Наверное, такой вариант мне больше нравится

Держался Пикеринг долго. Сколько именно, Эмили сказать не могла, ведь он забрал ее часы. Сначала он перестал кричать, потом превратился в белую точку над красной кляксой тенниски «Изод», а потом разом исчез. Через некоторое время Эм почудилась рука, поднявшаяся над водой наподобие перископа, но она ошиблась: Пикеринг просто исчез. Эх… Она не на шутку расстроилась. Скоро она станет собой, даже чуть лучше, но в тот самый момент… В тот самый момент ей хотелось, чтобы Пикеринг продолжал страдать, чтобы умирал долго и мучительно. Хотелось отомстить за Николь и остальных «племянниц».

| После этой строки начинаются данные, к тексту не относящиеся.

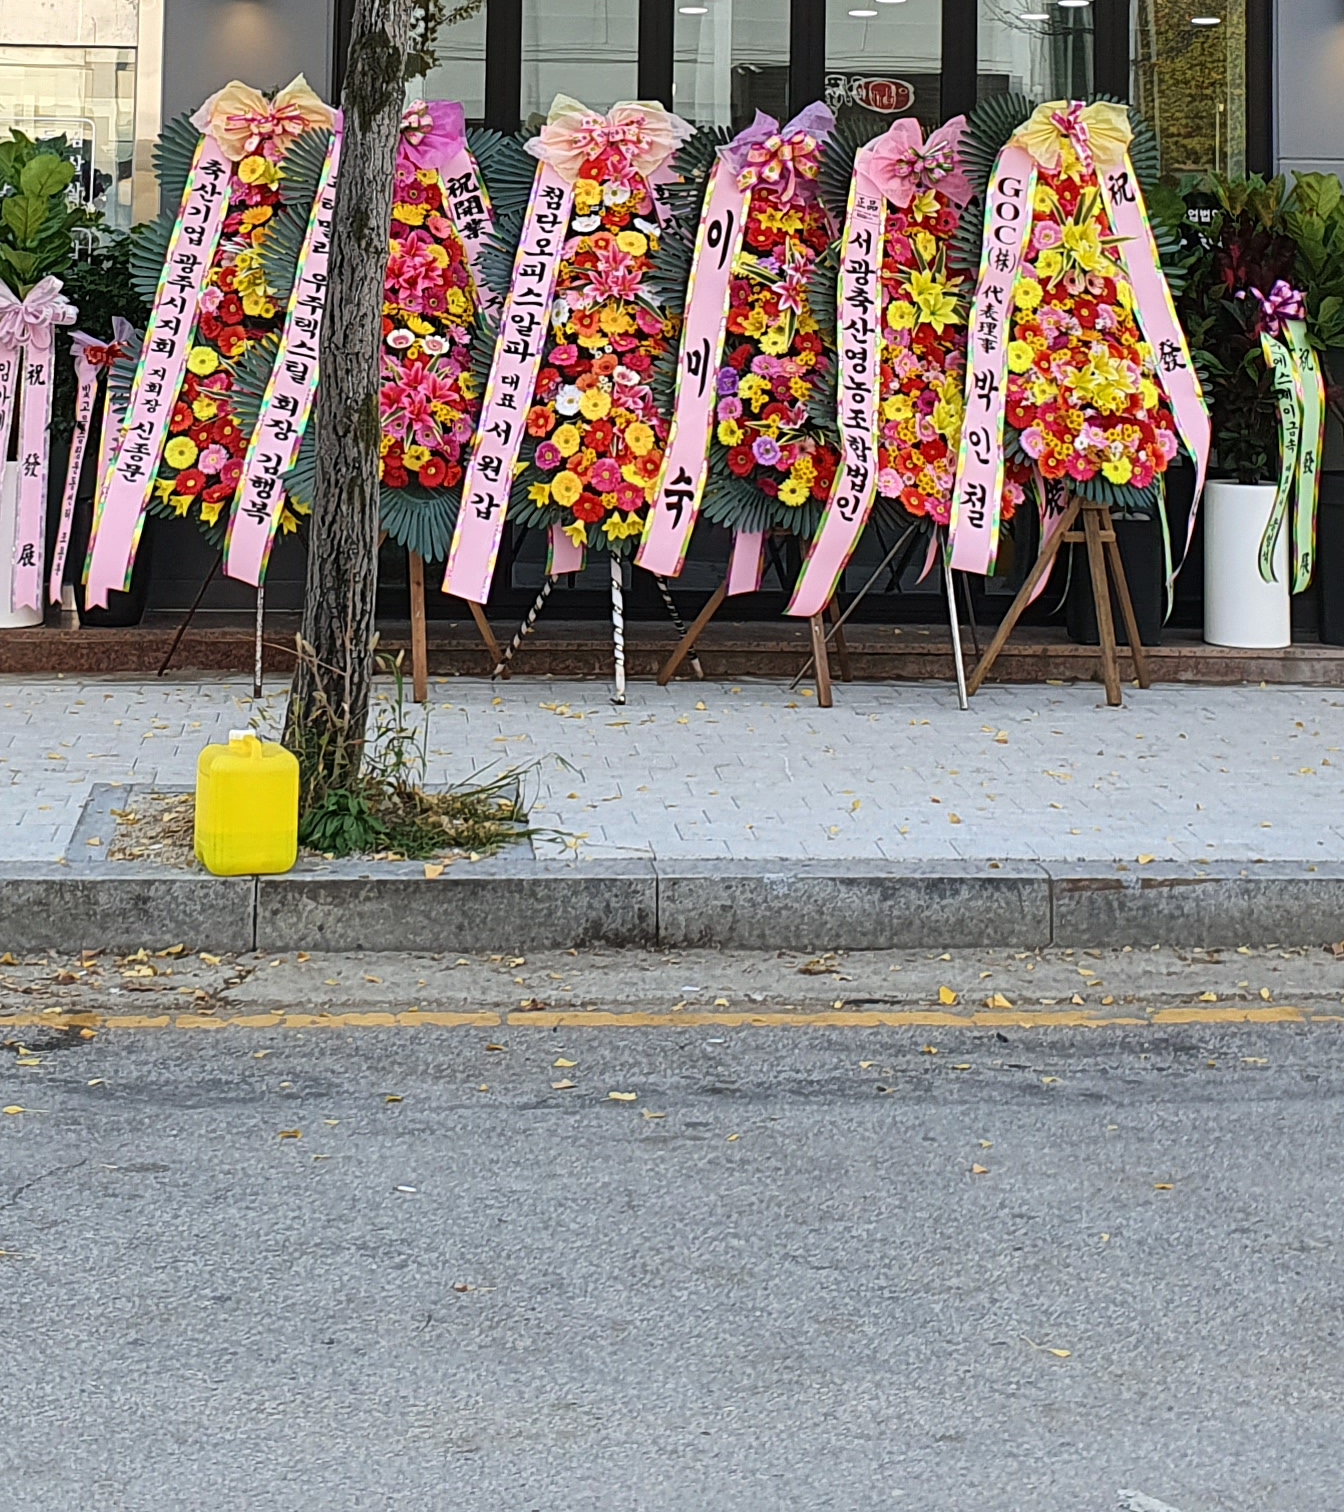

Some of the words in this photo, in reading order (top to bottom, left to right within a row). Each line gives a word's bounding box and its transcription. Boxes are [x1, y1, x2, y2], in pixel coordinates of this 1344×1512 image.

«Я теперь тоже «племянница»?»

Да, пожалуй. Последняя «племянница». Которая бежала во весь опор. Которая выжила. Эмили села у брошенного кострища и отшвырнула обугленную палку. Вряд ли из нее получилась бы приличная дубинка, скорее от первого же удара она раскрошилась бы, подобно рашкулю. Огненно-оранжевое солнце ласкало западный горизонт. Еще немного, и он воспламенится.

Она думала о Генри, думала о маленькой дочке. От семьи ничего не осталось, но ведь когда-то она была такой же прекрасной, как двойная радуга над пляжем, и воспоминания о ней согревали душу. Она думала об отце. Скоро она встанет, доберется до «Зеленого шалаша» и позвонит ему. Скоро, но не сейчас. Сейчас хотелось просто сидеть на пляже, прижав стопы к песку, и обнимать колени ноющими от боли руками.

Ни рваные голубые шорты, ни красную тенниску Пикеринга к берегу не прибило. Мексиканский залив проглотил и то и другое. Пикеринг утонул? Этот вариант казался наиболее вероятным. Просто исчез он внезапно и не под волну попал, а просто исчез…

— По-моему, его забрала какая-то сила, — сказала Эм сгущающимся сумеркам. — Наверное, такой вариант мне больше нравится, бог знает почему.

— Потому что ты человек, милая, — ответил Расти Джексон. — Только и всего.

Простое объяснение полностью устроило Эмили.

В классическом фильме ужасов Пикеринг обязательно нанес бы еще один, последний удар; выбрался бы из темных вод Залива или, насквозь промокший, но живой, караулил бы Эм в стенном шкафу «Зеленого шалаша». Только она понимала: это не фильм ужасов, а жизнь, ее собственная жизнь, в которую она погрузится прямо сейчас и для начала вернется к дому из некрашеного ракушечника с ключом в коробке от пастилок «Сакретс», спрятанной под уродцем-гномом в выгоревшем (изначально красном) колпаке. Она воспользуется ключом, а еще телефоном. Первым позвонит отцу, потом в полицию, а потом, наверное, Генри. Генри ведь имеет право знать, что с ней все в порядке, верно? Хотя скоро он это права утратит, без особого, как казалось ей, сожаления.

Три пеликана спикировали на воду, потом взлетели, высматривая рыбу. Эм завороженно наблюдала, как они обретают равновесие в освещенном ярко-оранжевым солнцем воздухе. В те минуты лицом Эмили напоминала девчонку-сорванца, обожающую лазать по деревья, только сама об этом даже не подозревала.

Птицы сложили крылья и синхронно нырнули в воду.

— Браво, пеликаны! — крикнула Эмили и зааплодировала, не жалея распухшего правого запястья.

Потом вытерла глаза, откинула волосы за спину, поднялась и зашагала к дому.